(Beginning of Data listing)

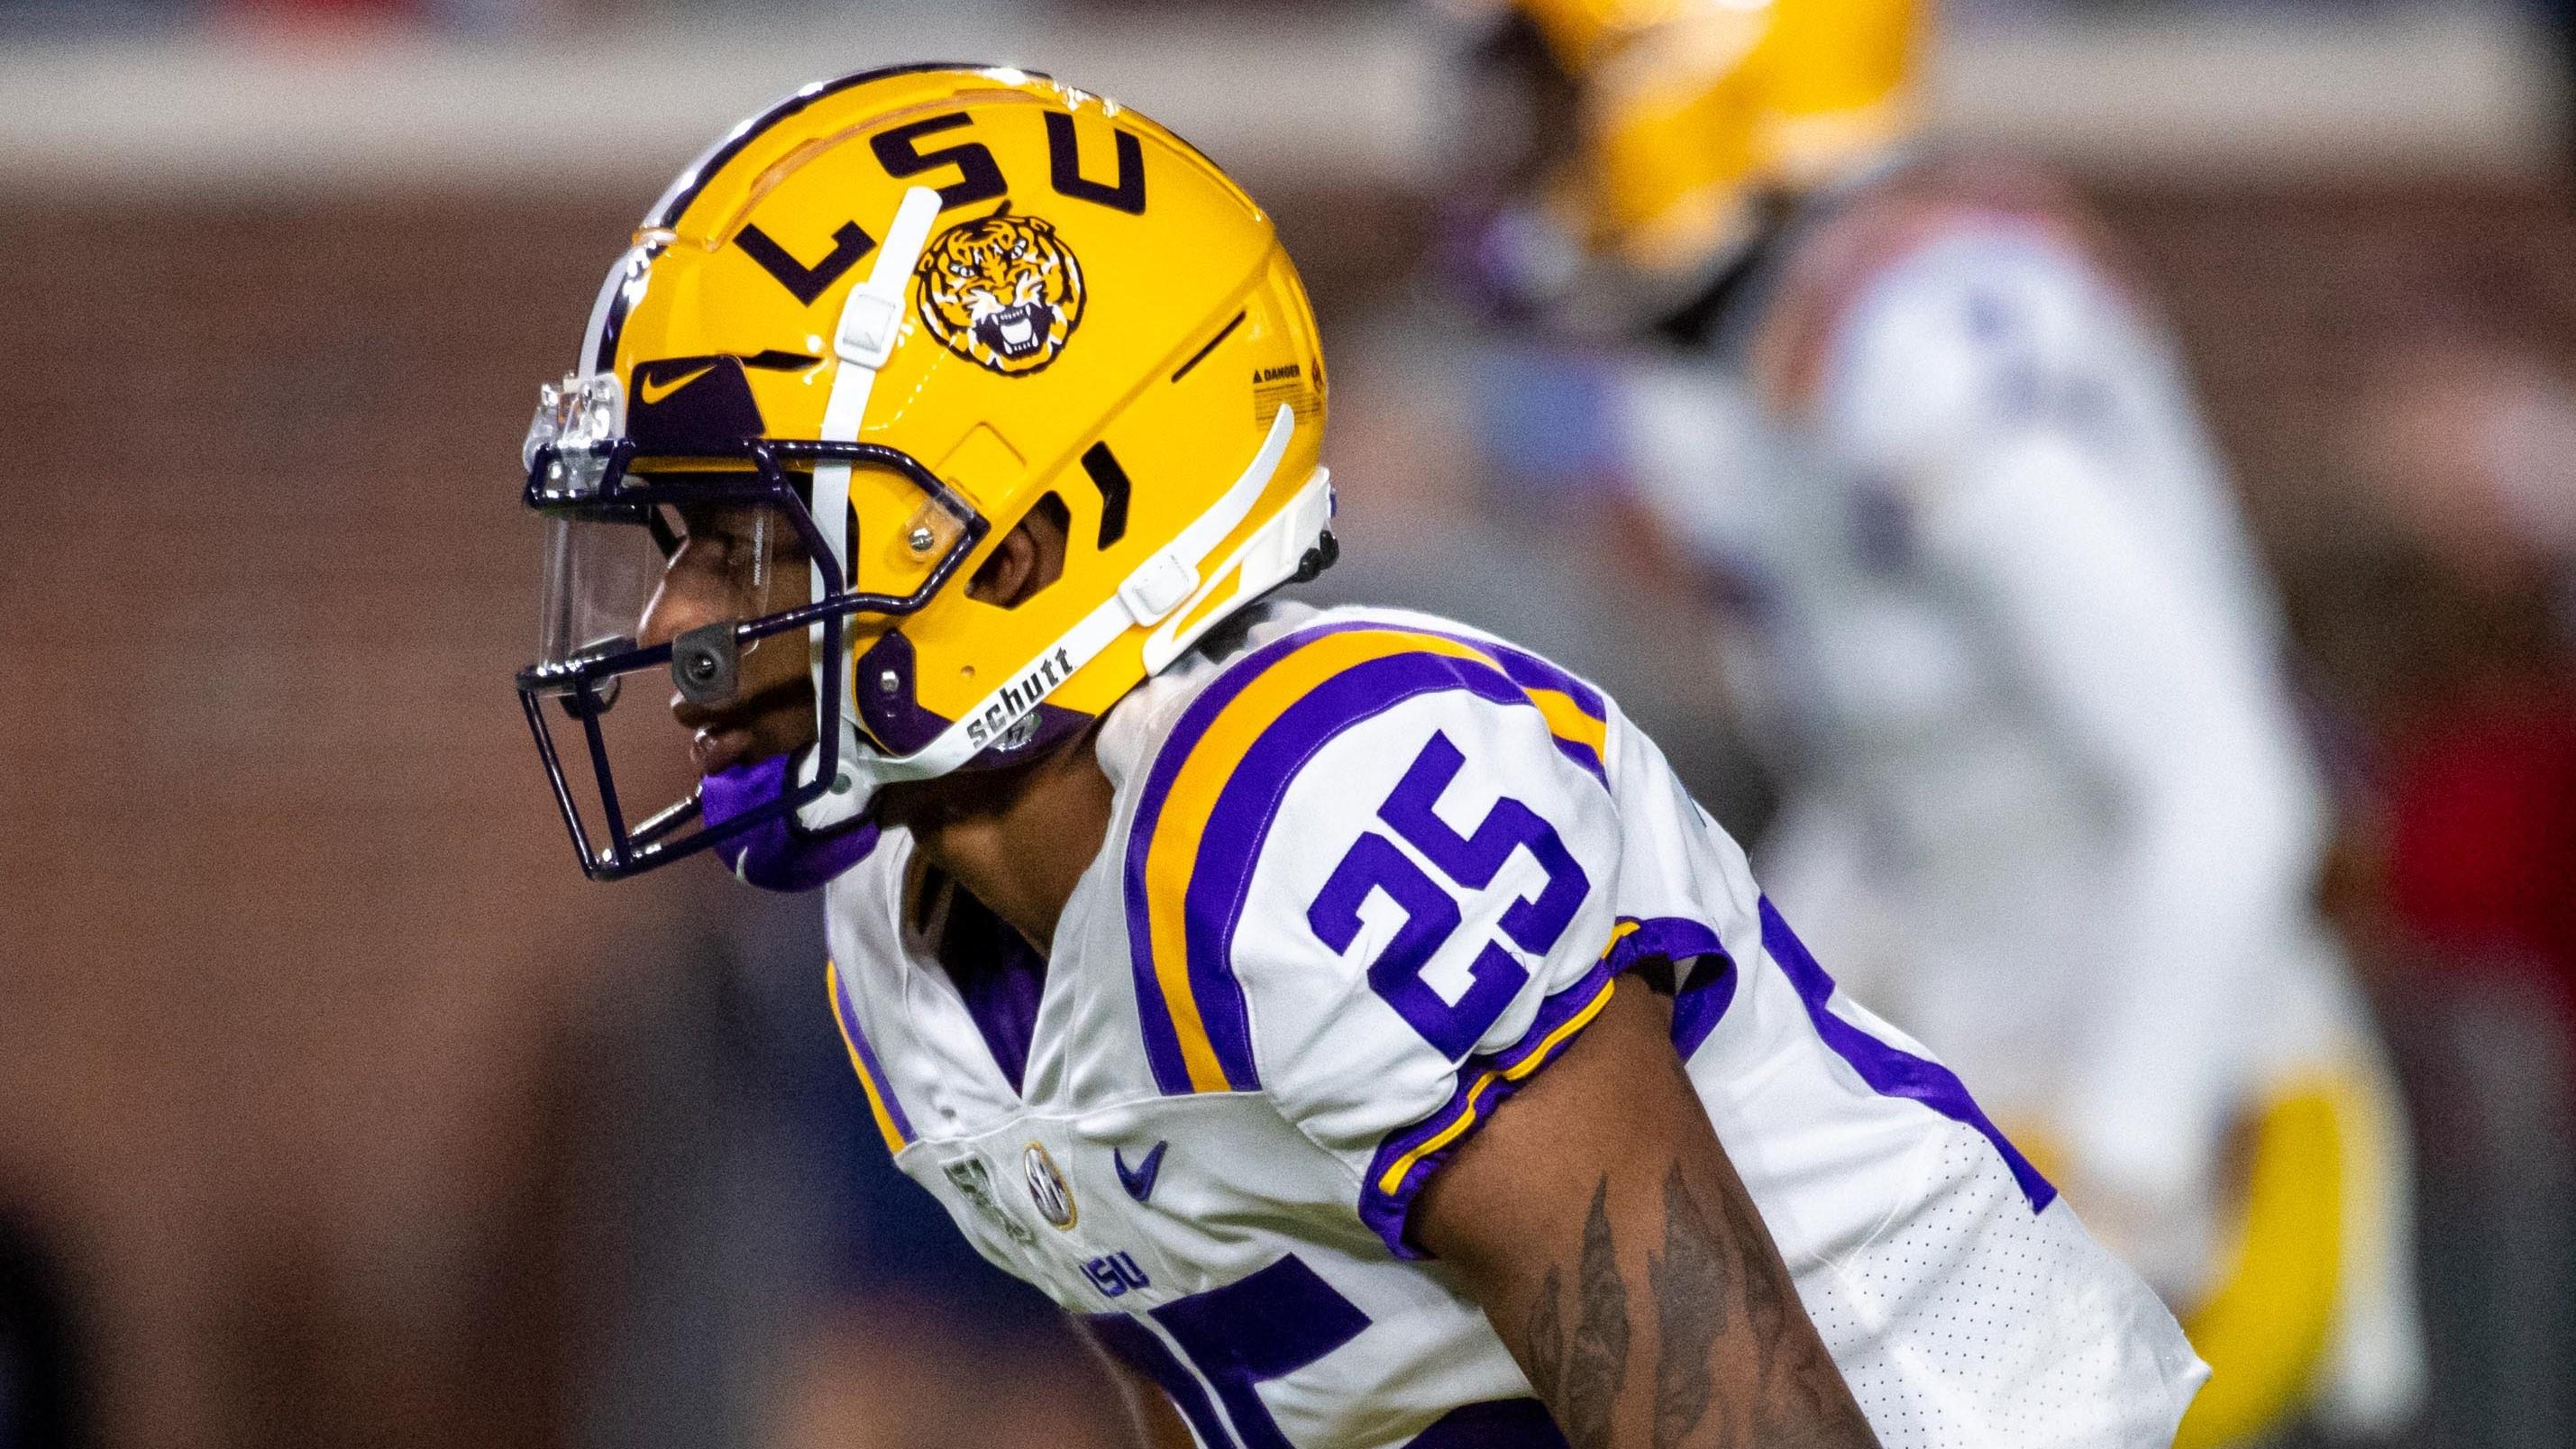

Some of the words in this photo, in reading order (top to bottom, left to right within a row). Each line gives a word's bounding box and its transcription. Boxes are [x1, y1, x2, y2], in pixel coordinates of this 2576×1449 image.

[733, 111, 1146, 308] LSU
[1264, 364, 1301, 381] DANGER
[966, 646, 1073, 749] schutt
[1306, 728, 1591, 1065] 25
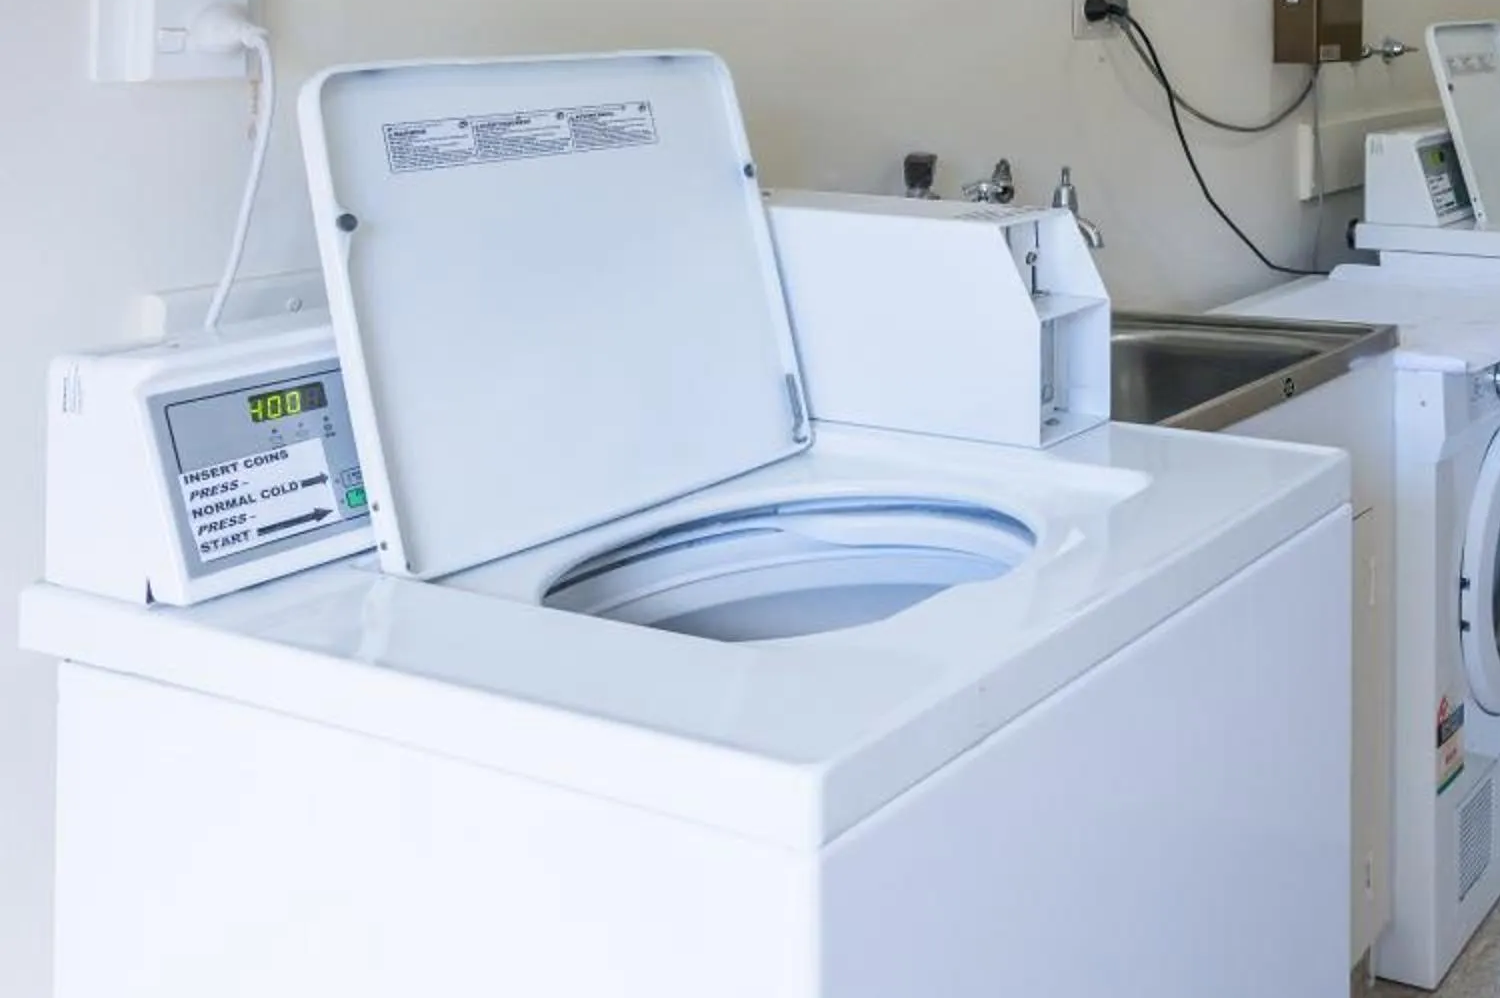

(End of Data listing)

Output all the data, exactly, without images.

Some of the words in this photo, in reading order (top to bottom, left to right within a row). Each line gives a word's bounding box and its transcription. Boxes are [x1, y1, x2, y2], in pixel coordinates of this 2576×1449 image.

[733, 111, 1146, 308] LSU
[1264, 364, 1301, 381] DANGER
[966, 646, 1073, 749] schutt
[1306, 728, 1591, 1065] 25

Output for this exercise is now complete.